Ya he dicho que a eso de las tres de la madrugada comencé a dormitar. Me desvelé hacia las seis (creo que porque me pusieron el termómetro) y así seguí hasta las 8 de la mañana donde comenzó el cambio de turno y tuve ocasión de conversar un poco con el personal que se iba. Apareció un anestesista (que tiene la amabilidad de seguir este blog y con quien intercambié unas palabras), también uno de los cirujanos que me operaron el día pasado y tras varias pruebas más (y con más hambre que Carpanta) a media mañana me subieron a planta donde seguí mi estancia con el mismo trato exquisito hasta que el miércoles, me volví a casa.
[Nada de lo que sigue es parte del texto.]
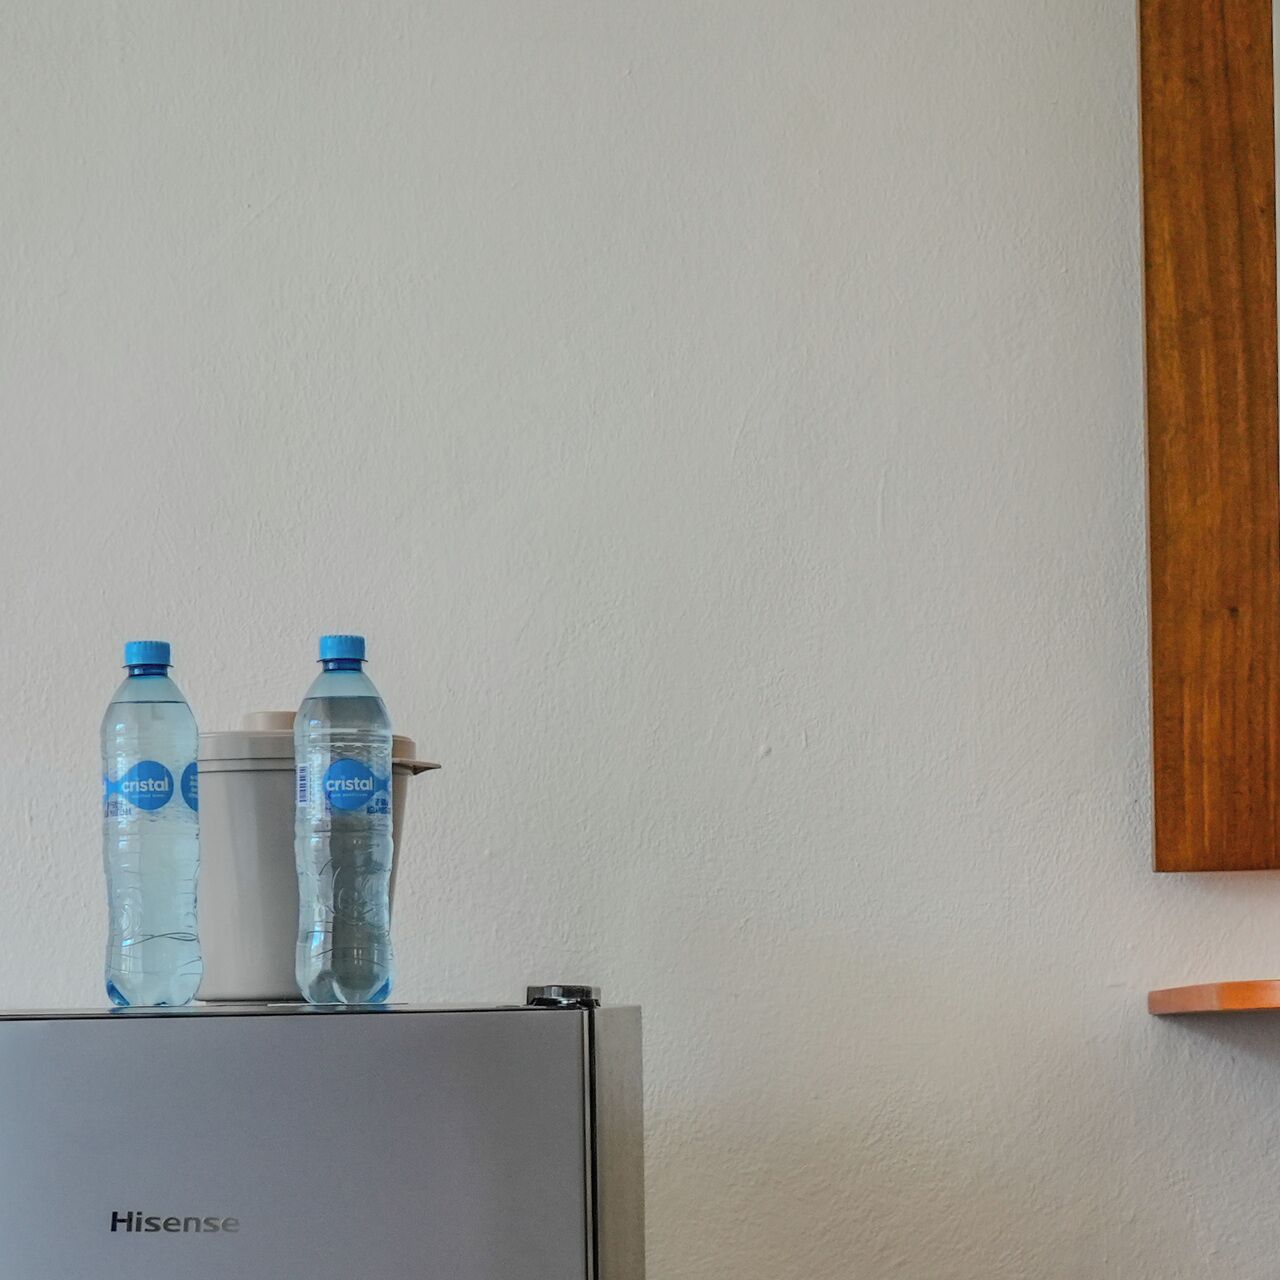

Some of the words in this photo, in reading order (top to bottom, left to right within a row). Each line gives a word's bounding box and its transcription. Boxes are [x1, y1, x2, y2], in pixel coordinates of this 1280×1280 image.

[122, 772, 169, 792] cristal
[326, 775, 374, 791] cristal
[111, 1211, 240, 1233] Hisense
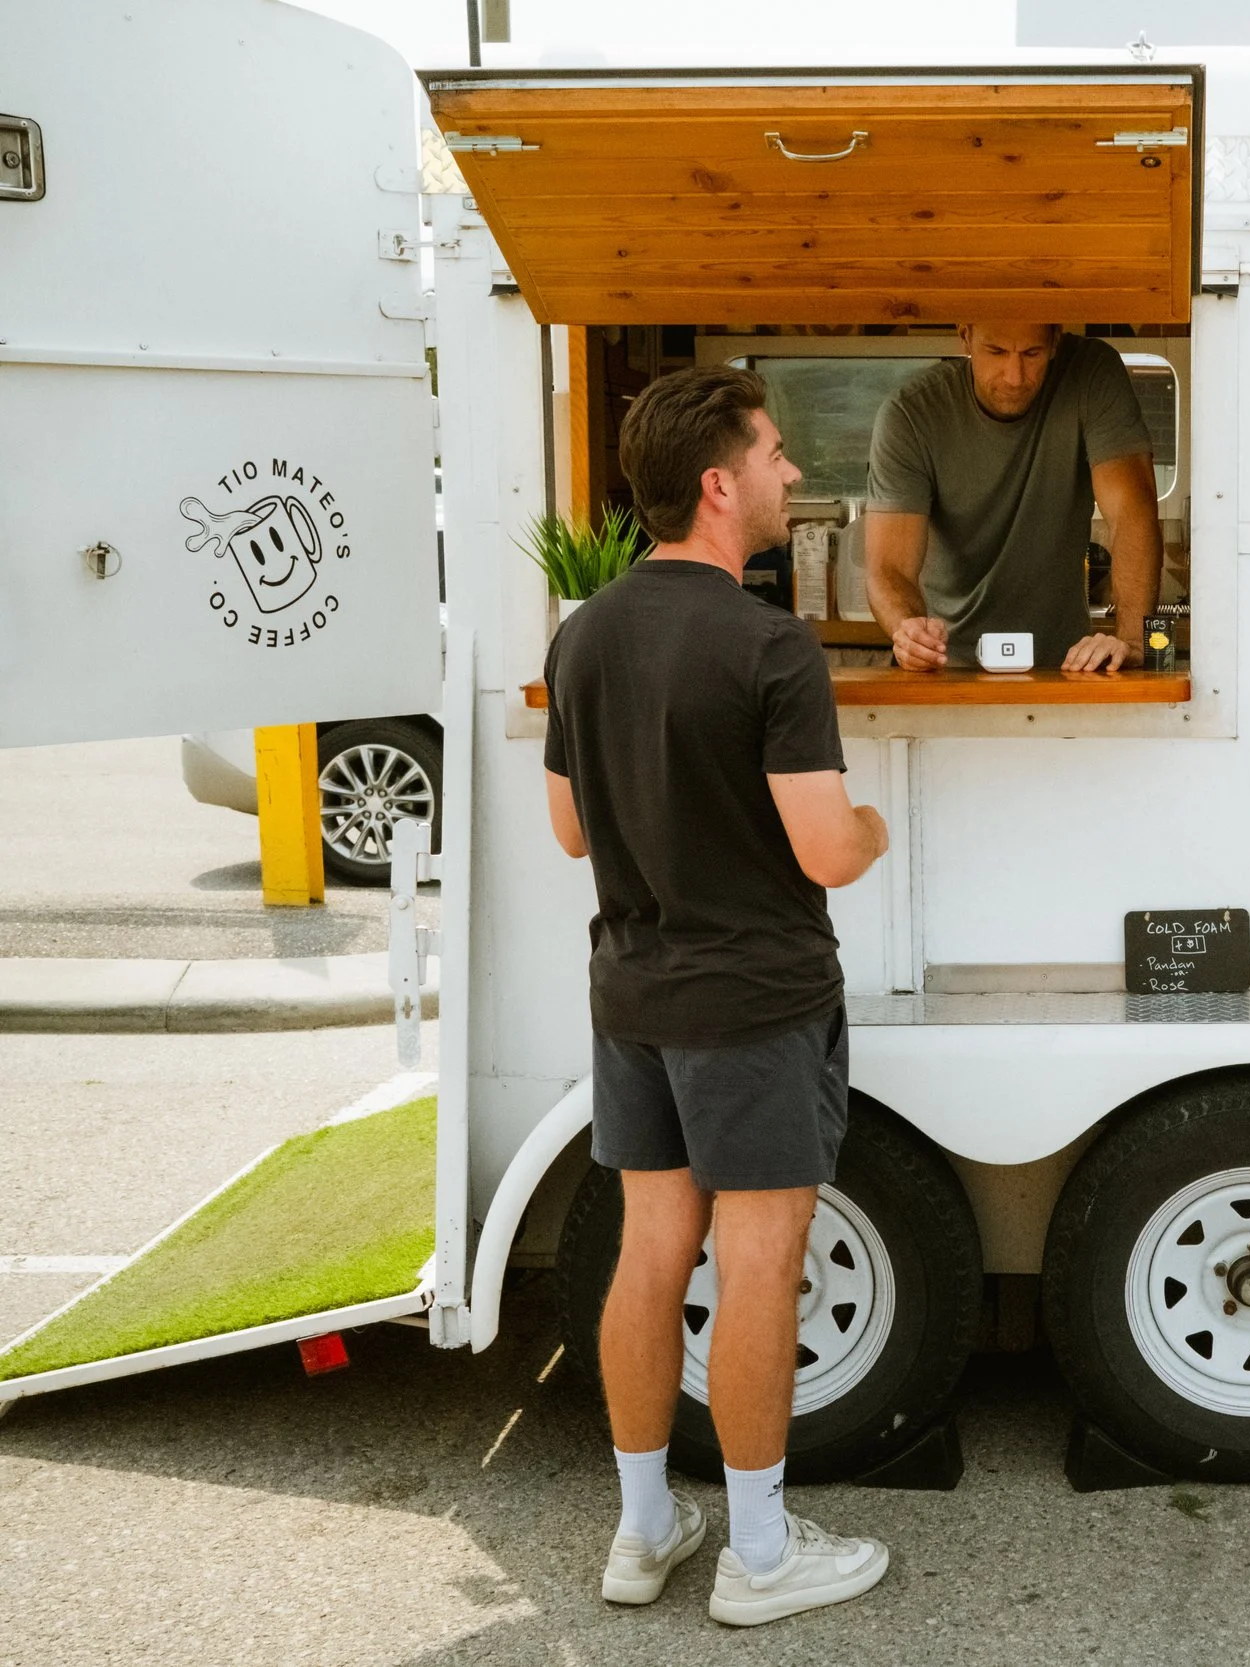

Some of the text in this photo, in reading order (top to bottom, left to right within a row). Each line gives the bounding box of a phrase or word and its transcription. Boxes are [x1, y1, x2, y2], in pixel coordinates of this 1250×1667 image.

No había pasado 48 horas en la Policlínica. Una estancia en una clínica nunca puede decirse que sea equiparable a un fin de semana en un balneario de recreo o en una escapada musical, pero dejé el centro sanitario con la sensación de una atención muy buena, particularmente en la UVI, pero con la certeza de que, en la actual coyuntura demográfica, y con los actuales valores dominantes, esta atención es imposible de mantener en el futuro. Y no he mentado a la crisis, no por olvido, pues de la crisis saldremos antes, pienso yo, que de la actual situación demográfica y de la actual deriva de valores, cuya trilogía básica, he señalado más arriba. En fin, no debo, ni quiero, cerrar estas líneas, sin agradecer la atención recibido por todo el personal, médicos, anestesistas, enfermeros, auxiliares, técnicos (pues había que mantener en marcha toda la sofisticada tecnología de la UVI) que me atendieron.
 
Y como la incompleta de Bruckner, su 9ª sinfonía, la vida sigue. Pero, en mi vida, como en la 9ª bruckneriana, los tres primeros movimientos están ya conclusos y del 4ª movimiento, Bruckner dejó escritas más de dos terceras partes. Otros la han concluido varias veces. El 7 y 8 de febrero de 2012, escuche, dos veces, la última versión concluida, interpretada por Rattle y sus filarmónicos. El final no era Bruckner aunque se le parecía. Faltaba su coda, la propia de Anton Bruckner, la que no pudo terminar. ¿Podré yo escribir la coda de mi vida, o me la escribirán)?